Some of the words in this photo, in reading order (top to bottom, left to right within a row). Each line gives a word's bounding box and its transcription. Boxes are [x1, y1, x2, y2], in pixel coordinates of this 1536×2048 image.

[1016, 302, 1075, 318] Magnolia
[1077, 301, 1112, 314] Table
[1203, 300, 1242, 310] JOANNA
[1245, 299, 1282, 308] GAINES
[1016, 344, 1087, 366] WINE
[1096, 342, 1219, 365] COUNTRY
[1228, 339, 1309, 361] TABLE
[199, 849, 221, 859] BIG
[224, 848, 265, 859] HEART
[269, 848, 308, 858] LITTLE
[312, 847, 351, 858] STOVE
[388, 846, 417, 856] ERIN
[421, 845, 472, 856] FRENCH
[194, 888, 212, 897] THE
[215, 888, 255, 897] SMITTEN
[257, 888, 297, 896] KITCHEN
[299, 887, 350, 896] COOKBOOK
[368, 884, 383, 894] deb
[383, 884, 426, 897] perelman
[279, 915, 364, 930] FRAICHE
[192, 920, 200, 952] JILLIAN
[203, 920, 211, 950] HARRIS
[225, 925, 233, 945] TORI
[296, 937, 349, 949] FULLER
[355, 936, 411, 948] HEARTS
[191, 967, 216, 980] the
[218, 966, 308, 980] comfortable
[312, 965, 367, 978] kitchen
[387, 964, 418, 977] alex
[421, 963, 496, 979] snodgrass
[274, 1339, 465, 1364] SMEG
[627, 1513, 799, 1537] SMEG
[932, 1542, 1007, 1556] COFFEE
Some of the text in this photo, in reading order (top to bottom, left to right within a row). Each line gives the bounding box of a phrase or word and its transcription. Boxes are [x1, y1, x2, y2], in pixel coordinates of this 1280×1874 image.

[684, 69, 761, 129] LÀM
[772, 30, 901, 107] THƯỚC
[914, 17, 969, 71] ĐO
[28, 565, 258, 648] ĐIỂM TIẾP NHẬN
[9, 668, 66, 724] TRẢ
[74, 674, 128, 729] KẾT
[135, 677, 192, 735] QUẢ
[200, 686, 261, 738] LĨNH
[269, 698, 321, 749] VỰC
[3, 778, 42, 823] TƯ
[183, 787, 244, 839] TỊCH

Instructions to follow -
Everything from the line containing "Some of the text" down to the last line of the entries is to be returned exactly, both ends included, and nothing beyond it.

The answer -
Some of the text in this photo, in reading order (top to bottom, left to right within a row). Each line gives the bounding box of a phrase or word and its transcription. Boxes are [x1, y1, x2, y2], in pixel coordinates of this 1280×1874 image.

[684, 69, 761, 129] LÀM
[772, 30, 901, 107] THƯỚC
[914, 17, 969, 71] ĐO
[28, 565, 258, 648] ĐIỂM TIẾP NHẬN
[9, 668, 66, 724] TRẢ
[74, 674, 128, 729] KẾT
[135, 677, 192, 735] QUẢ
[200, 686, 261, 738] LĨNH
[269, 698, 321, 749] VỰC
[3, 778, 42, 823] TƯ
[183, 787, 244, 839] TỊCH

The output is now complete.